### [Your task]
Would you return the data exactly as given, except for its pictures?
##########
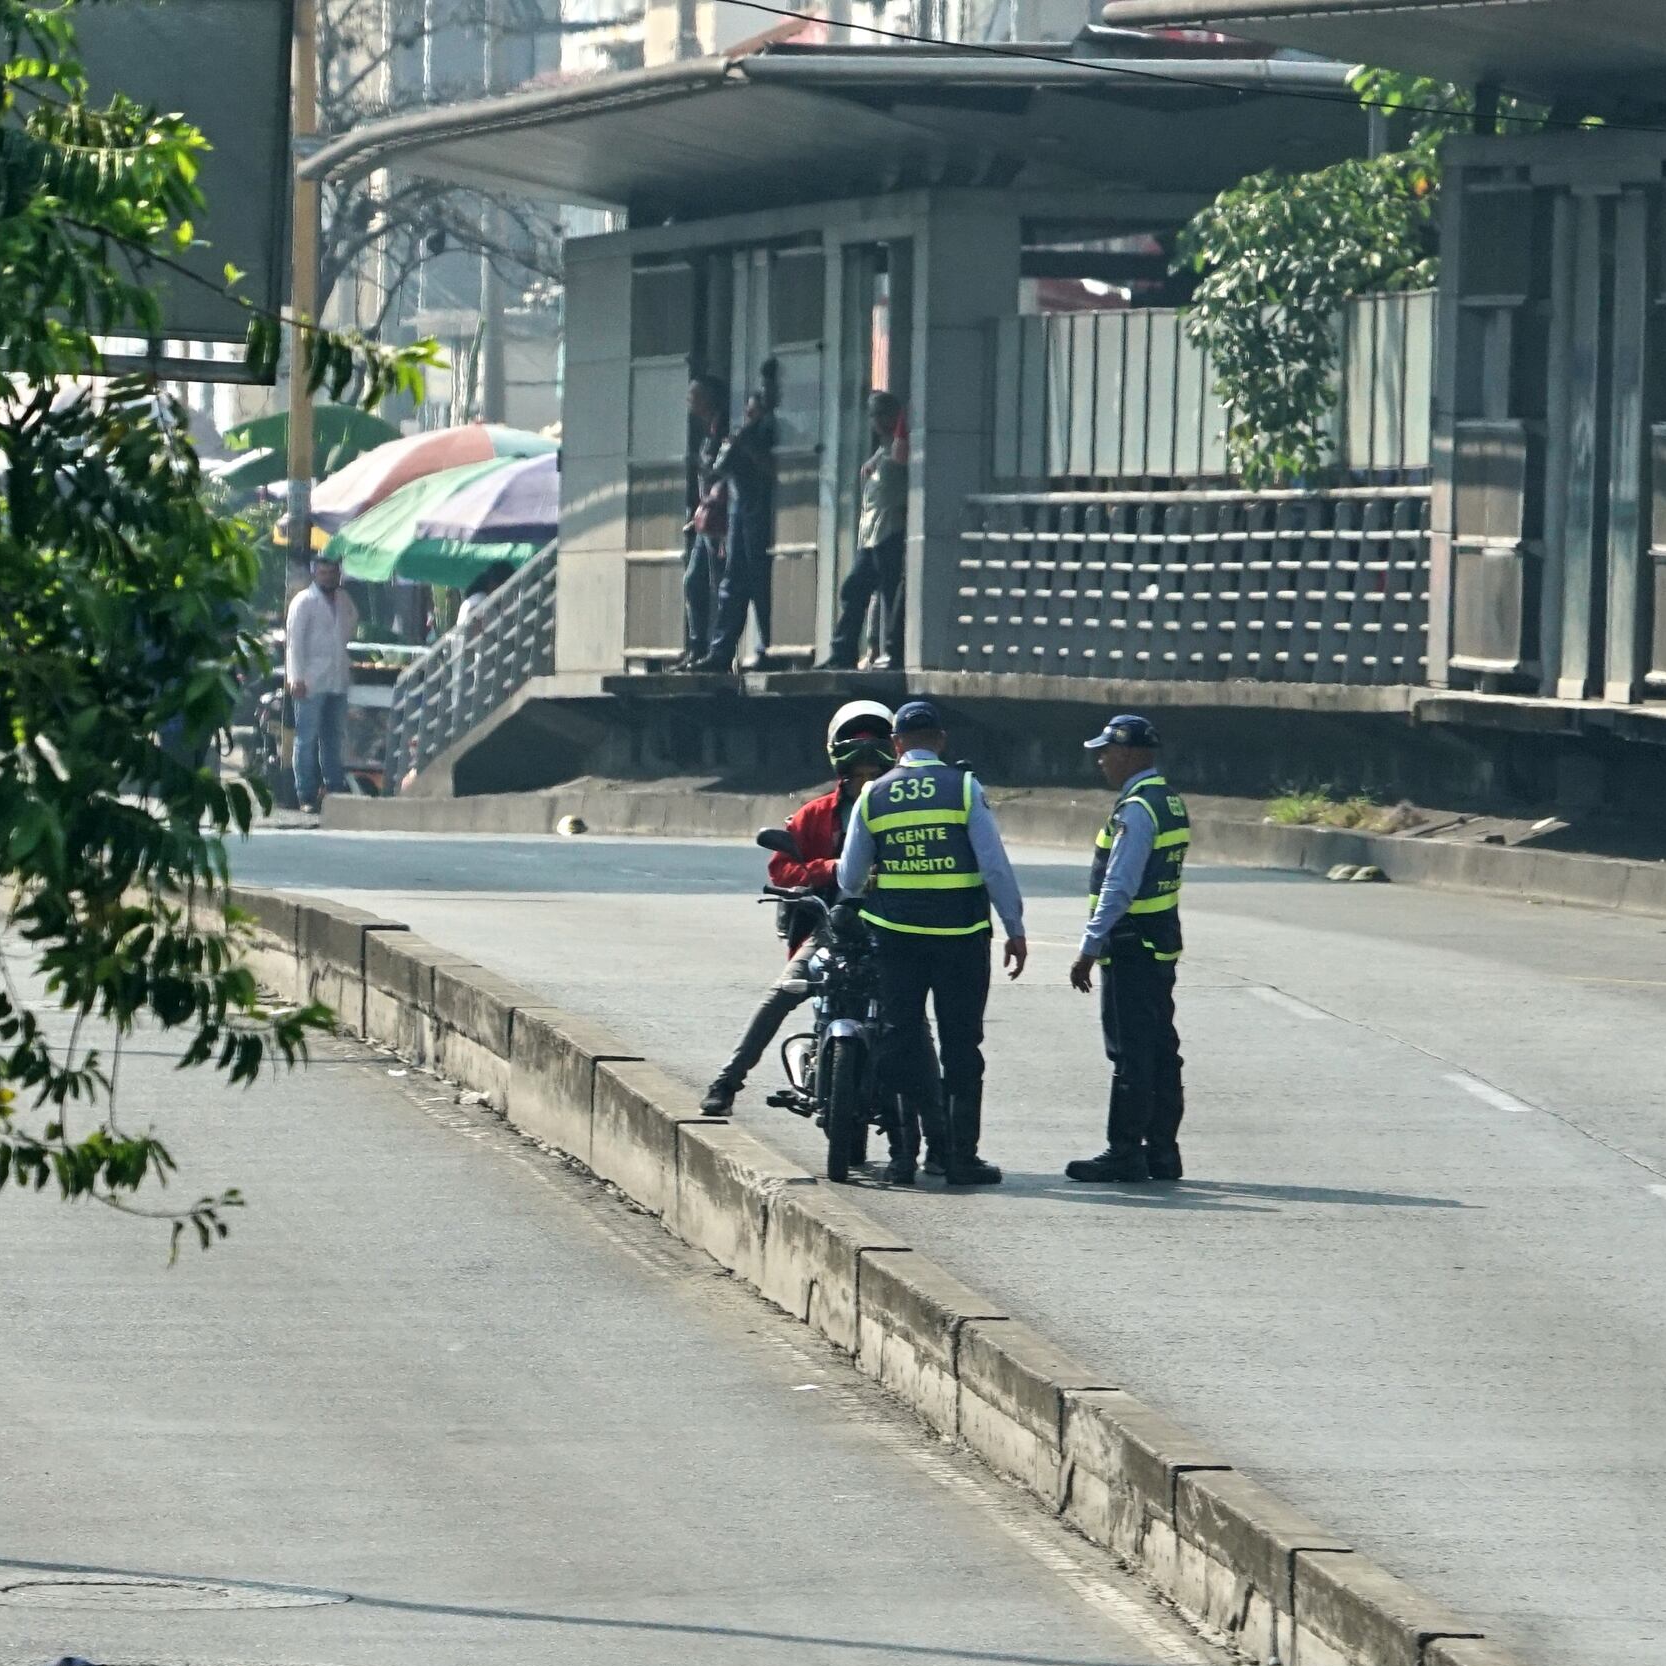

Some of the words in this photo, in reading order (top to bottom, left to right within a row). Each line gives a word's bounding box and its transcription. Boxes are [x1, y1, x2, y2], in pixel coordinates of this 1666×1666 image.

[889, 777, 936, 803] 535
[886, 827, 948, 845] AGENTE
[905, 844, 926, 857] DE
[884, 856, 956, 872] TRANSITO
##########
### [Output below]
Some of the words in this photo, in reading order (top to bottom, left to right within a row). Each line gives a word's bounding box and its transcription. Boxes are [x1, y1, x2, y2], in pixel coordinates of this 1666×1666 image.

[889, 777, 936, 803] 535
[886, 827, 948, 845] AGENTE
[905, 844, 926, 857] DE
[884, 856, 956, 872] TRANSITO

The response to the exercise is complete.